Your task: Your output should be the listing itself, repeated exactly.

Data supplied:

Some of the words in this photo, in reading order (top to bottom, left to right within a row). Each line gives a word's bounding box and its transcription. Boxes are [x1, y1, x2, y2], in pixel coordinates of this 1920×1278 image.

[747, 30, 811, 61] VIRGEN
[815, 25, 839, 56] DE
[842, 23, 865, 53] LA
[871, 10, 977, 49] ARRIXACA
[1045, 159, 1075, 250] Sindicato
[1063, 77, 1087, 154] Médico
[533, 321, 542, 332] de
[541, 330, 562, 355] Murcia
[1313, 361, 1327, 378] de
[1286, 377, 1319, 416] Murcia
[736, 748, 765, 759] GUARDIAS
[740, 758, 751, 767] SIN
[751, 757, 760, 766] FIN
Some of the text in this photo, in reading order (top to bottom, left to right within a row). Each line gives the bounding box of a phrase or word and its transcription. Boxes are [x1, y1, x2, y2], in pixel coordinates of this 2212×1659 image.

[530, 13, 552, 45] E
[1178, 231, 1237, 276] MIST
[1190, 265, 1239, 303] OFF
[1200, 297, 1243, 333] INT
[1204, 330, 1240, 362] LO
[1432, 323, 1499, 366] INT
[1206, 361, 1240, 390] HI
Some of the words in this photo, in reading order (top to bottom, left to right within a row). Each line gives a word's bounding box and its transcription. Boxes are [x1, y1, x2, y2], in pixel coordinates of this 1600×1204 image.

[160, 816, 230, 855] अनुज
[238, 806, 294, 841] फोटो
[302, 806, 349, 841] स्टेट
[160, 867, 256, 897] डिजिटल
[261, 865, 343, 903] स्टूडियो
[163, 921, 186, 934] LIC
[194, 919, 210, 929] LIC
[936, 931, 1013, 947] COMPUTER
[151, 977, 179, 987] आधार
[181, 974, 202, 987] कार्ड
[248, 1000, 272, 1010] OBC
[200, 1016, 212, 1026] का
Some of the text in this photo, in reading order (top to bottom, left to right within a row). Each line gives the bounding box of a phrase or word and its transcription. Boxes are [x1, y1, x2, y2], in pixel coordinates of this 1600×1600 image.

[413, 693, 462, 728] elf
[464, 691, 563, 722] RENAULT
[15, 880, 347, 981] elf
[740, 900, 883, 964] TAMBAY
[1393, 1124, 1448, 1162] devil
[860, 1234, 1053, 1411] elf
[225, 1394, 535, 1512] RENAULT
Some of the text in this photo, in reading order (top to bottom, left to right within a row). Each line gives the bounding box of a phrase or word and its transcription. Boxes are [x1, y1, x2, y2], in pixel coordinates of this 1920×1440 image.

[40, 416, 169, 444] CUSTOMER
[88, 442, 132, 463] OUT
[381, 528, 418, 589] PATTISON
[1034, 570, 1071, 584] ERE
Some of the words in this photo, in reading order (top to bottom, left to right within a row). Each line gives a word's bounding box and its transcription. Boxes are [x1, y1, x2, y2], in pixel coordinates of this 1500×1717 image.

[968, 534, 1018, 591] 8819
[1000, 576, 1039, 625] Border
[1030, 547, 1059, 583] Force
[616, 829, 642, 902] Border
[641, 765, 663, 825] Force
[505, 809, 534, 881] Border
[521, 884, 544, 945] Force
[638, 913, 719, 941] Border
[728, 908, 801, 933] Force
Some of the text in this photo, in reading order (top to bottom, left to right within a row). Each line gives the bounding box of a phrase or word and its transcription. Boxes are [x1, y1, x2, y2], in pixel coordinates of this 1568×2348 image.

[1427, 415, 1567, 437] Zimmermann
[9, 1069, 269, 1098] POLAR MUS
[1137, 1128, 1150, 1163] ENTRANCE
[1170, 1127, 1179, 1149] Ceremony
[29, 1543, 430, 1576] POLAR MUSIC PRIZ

Exercise solution:
Some of the words in this photo, in reading order (top to bottom, left to right within a row). Each line gives a word's bounding box and its transcription. Boxes are [x1, y1, x2, y2], in pixel coordinates of this 1920×1278 image.

[747, 30, 811, 61] VIRGEN
[815, 25, 839, 56] DE
[842, 23, 865, 53] LA
[871, 10, 977, 49] ARRIXACA
[1045, 159, 1075, 250] Sindicato
[1063, 77, 1087, 154] Médico
[533, 321, 542, 332] de
[541, 330, 562, 355] Murcia
[1313, 361, 1327, 378] de
[1286, 377, 1319, 416] Murcia
[736, 748, 765, 759] GUARDIAS
[740, 758, 751, 767] SIN
[751, 757, 760, 766] FIN
Some of the text in this photo, in reading order (top to bottom, left to right within a row). Each line gives the bounding box of a phrase or word and its transcription. Boxes are [x1, y1, x2, y2], in pixel coordinates of this 2212×1659 image.

[530, 13, 552, 45] E
[1178, 231, 1237, 276] MIST
[1190, 265, 1239, 303] OFF
[1200, 297, 1243, 333] INT
[1204, 330, 1240, 362] LO
[1432, 323, 1499, 366] INT
[1206, 361, 1240, 390] HI
Some of the words in this photo, in reading order (top to bottom, left to right within a row). Each line gives a word's bounding box and its transcription. Boxes are [x1, y1, x2, y2], in pixel coordinates of this 1600×1204 image.

[160, 816, 230, 855] अनुज
[238, 806, 294, 841] फोटो
[302, 806, 349, 841] स्टेट
[160, 867, 256, 897] डिजिटल
[261, 865, 343, 903] स्टूडियो
[163, 921, 186, 934] LIC
[194, 919, 210, 929] LIC
[936, 931, 1013, 947] COMPUTER
[151, 977, 179, 987] आधार
[181, 974, 202, 987] कार्ड
[248, 1000, 272, 1010] OBC
[200, 1016, 212, 1026] का
Some of the text in this photo, in reading order (top to bottom, left to right within a row). Each line gives the bounding box of a phrase or word and its transcription. Boxes are [x1, y1, x2, y2], in pixel coordinates of this 1600×1600 image.

[413, 693, 462, 728] elf
[464, 691, 563, 722] RENAULT
[15, 880, 347, 981] elf
[740, 900, 883, 964] TAMBAY
[1393, 1124, 1448, 1162] devil
[860, 1234, 1053, 1411] elf
[225, 1394, 535, 1512] RENAULT
Some of the text in this photo, in reading order (top to bottom, left to right within a row). Each line gives the bounding box of a phrase or word and its transcription. Boxes are [x1, y1, x2, y2], in pixel coordinates of this 1920×1440 image.

[40, 416, 169, 444] CUSTOMER
[88, 442, 132, 463] OUT
[381, 528, 418, 589] PATTISON
[1034, 570, 1071, 584] ERE
Some of the words in this photo, in reading order (top to bottom, left to right within a row). Each line gives a word's bounding box and its transcription. Boxes are [x1, y1, x2, y2], in pixel coordinates of this 1500×1717 image.

[968, 534, 1018, 591] 8819
[1000, 576, 1039, 625] Border
[1030, 547, 1059, 583] Force
[616, 829, 642, 902] Border
[641, 765, 663, 825] Force
[505, 809, 534, 881] Border
[521, 884, 544, 945] Force
[638, 913, 719, 941] Border
[728, 908, 801, 933] Force
Some of the text in this photo, in reading order (top to bottom, left to right within a row). Each line gives the bounding box of a phrase or word and its transcription. Boxes are [x1, y1, x2, y2], in pixel coordinates of this 1568×2348 image.

[1427, 415, 1567, 437] Zimmermann
[9, 1069, 269, 1098] POLAR MUS
[1137, 1128, 1150, 1163] ENTRANCE
[1170, 1127, 1179, 1149] Ceremony
[29, 1543, 430, 1576] POLAR MUSIC PRIZ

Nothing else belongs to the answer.